Not So Great A Success

Apparently, in addition to the recontact after stage separation and tumbling second “stage,” the parachutes on the Corndog failed and damaged the cases of the first stage. But hey, what do you want for half a billion dollars? I mean, besides a whole new launch company and launch vehicle, as SpaceX managed to do for that amount.

[Update a few minutes later]

The obvious question, of course, is if the recontact damaged the chute system.

8 thoughts on “Not So Great A Success”

  1. Not clear there was a recontact, though that was my first impression, too. That whole “dynamic pressure” thing does make a difference to pitching moment. The real Ares I will separate at a considerably smaller q.

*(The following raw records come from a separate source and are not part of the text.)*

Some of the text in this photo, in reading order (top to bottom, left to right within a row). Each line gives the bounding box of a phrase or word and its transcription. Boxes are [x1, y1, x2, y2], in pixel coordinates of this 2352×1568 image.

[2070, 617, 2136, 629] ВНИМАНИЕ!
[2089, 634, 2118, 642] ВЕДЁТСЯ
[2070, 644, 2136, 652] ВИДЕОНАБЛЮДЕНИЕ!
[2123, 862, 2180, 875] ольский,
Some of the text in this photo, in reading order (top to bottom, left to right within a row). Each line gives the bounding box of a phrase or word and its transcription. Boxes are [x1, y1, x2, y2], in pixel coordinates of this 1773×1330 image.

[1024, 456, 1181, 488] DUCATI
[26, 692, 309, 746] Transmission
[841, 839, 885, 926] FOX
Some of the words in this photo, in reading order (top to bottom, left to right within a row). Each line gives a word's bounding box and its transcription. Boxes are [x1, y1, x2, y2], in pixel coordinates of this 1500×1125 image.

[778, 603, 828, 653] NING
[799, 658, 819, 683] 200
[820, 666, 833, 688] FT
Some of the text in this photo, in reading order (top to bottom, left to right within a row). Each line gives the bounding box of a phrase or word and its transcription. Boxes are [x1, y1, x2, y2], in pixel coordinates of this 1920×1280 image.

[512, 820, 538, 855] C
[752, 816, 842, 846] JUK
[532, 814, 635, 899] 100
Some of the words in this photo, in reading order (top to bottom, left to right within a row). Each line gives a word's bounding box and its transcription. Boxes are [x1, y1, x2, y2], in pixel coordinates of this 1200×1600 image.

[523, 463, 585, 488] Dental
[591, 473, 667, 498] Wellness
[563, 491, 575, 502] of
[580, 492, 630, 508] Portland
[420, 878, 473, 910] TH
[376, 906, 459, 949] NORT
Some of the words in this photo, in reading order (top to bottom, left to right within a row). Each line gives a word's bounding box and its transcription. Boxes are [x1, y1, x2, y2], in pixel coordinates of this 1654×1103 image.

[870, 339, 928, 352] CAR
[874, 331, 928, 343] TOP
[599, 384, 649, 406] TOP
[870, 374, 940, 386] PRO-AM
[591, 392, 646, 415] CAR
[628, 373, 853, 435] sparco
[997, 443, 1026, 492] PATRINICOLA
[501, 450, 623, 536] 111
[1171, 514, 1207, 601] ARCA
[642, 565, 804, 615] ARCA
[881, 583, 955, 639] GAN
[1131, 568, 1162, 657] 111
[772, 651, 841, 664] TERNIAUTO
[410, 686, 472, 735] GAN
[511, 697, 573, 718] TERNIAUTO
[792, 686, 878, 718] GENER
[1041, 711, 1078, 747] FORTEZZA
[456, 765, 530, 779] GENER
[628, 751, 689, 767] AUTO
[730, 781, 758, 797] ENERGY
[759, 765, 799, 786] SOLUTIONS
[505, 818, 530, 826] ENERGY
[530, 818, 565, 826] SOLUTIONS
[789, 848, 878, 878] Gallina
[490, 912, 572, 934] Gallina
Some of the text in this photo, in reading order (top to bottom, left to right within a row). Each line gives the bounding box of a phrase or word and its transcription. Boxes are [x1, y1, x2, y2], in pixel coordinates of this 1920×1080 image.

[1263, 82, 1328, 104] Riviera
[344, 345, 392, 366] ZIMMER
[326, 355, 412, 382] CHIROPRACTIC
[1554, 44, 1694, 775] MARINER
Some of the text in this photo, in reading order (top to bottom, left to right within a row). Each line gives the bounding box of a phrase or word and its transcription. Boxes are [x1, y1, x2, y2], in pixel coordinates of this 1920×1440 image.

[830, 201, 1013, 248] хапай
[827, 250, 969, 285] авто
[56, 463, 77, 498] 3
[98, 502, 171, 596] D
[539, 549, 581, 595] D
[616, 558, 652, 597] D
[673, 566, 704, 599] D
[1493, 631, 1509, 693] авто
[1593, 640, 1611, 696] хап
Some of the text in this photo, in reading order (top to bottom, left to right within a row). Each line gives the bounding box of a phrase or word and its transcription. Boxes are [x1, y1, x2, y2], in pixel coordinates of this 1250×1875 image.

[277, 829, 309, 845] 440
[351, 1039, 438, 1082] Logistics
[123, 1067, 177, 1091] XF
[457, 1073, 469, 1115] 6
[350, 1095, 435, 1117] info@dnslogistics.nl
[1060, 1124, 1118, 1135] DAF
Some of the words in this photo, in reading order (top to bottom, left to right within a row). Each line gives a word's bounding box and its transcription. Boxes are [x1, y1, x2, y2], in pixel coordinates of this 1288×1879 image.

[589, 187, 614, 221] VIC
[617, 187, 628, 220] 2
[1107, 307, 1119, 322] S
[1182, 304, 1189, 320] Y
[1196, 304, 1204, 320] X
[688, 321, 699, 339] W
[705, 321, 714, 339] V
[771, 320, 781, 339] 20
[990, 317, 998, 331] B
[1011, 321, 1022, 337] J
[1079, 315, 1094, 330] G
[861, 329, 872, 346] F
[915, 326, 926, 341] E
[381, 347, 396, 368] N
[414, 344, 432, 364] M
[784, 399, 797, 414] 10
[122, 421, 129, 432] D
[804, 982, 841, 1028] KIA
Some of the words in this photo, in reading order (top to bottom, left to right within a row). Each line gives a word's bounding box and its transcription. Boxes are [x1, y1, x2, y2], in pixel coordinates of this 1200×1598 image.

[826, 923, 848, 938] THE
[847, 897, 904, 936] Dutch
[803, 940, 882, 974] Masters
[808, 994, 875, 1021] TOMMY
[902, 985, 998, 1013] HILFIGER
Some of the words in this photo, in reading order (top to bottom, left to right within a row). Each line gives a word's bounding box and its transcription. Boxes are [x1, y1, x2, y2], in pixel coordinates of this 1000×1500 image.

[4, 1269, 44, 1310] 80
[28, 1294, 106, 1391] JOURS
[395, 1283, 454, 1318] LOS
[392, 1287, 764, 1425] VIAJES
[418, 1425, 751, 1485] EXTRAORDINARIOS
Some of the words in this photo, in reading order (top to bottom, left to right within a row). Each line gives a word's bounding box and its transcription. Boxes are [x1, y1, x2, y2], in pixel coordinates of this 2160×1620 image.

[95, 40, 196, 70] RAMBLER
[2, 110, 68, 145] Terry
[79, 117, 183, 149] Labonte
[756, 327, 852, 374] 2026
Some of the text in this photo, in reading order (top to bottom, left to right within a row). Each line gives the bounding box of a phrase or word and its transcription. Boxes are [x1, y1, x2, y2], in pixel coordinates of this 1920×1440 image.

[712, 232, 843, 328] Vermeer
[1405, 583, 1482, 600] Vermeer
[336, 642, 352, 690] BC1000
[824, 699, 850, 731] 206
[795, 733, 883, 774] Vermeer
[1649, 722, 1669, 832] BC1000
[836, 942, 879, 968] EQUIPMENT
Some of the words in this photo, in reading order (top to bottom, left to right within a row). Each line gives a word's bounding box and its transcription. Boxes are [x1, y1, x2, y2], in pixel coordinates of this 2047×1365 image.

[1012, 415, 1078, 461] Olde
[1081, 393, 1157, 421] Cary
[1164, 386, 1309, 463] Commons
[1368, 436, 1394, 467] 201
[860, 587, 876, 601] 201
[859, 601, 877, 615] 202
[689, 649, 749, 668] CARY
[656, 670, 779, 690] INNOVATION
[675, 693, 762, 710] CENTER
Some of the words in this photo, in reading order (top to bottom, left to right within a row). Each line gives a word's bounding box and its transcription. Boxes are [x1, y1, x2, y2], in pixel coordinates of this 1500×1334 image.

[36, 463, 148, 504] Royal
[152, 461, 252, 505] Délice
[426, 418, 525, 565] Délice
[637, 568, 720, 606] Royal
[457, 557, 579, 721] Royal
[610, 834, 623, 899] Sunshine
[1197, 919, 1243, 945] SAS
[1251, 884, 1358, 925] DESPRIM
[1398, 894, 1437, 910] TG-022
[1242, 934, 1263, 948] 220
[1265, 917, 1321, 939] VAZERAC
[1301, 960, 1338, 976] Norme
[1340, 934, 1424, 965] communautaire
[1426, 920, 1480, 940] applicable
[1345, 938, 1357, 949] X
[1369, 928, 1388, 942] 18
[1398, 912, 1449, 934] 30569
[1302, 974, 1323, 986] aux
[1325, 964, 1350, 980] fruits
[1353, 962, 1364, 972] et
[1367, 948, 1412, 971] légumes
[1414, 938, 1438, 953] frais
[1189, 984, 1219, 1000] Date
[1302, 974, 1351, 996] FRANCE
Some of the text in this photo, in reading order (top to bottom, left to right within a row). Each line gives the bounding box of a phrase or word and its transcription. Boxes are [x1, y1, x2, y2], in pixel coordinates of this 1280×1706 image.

    But from my standpoint, what we will learn from this flight is quite valuable. Especially if there was a failure! One real failure is worth 10 million Monte Carlo runs….

    BBB

  2. “…what we will learn from this flight is quite valuable. Especially if there was a failure!”

    We may be geniuses by the end of this program.

  3. But hey, what do you want for half a billion dollars? I mean, besides a whole new launch company and launch vehicle, as SpaceX managed to do for that amount.

    Heck, you don’t even have to go to Newspace for that. Boeing developed the Delta IV Heavy for about that much.

    Mike

  4. I have a horrible suspicion that in 2019, after an Ares/Orion is lost, I’m going to be screaming Robert Conquest’s line to the heavens:

    I told you so, you fucking fools!*

    * Yes, I know it was Kingsley Amis who really said it.

  5. I can’t help it! I watched the launch, got up early and spun up the disks both days, gotta see what the “new and improved” Roman candle was going to do. If you can get an unedited version of the video feed from UCS 23, I’d like it.

    My “can’t help it” is http://smg.photobucket.com/albums/v63/Bogdaddy/?action=view&current=NASAtoy.jpg

    Link tools to your site Mr. Rand, not too sure, hence the URL.

    Don’t know where I saved the image from. Sooo fitting.

    Have you noticed the $250 per senior check for the lack of C.O.L is about 3/4’s of NASA’s annual budget? Interesting.

  6. But from my standpoint, what we will learn from this flight is quite valuable. Especially if there was a failure! One real failure is worth 10 million Monte Carlo runs….

    I’ve already learned that there’s worse things than decision paralysis. Namely making a really bad choice and sticking by it.

  7. Amusingly, this was exactly the same sort of failure SpaceX had in one of their first flights, except that for them it was *obviously* the result of that sloppy incompetent private sector cutting corners and being ignorant…

  8. But from my standpoint, what we will learn from this flight is quite valuable. Especially if there was a failure! One real failure is worth 10 million Monte Carlo runs….

    Let me figure this one out…..Now we know how to launch one SRB instead of two….well, that’s an advancement!!!!!!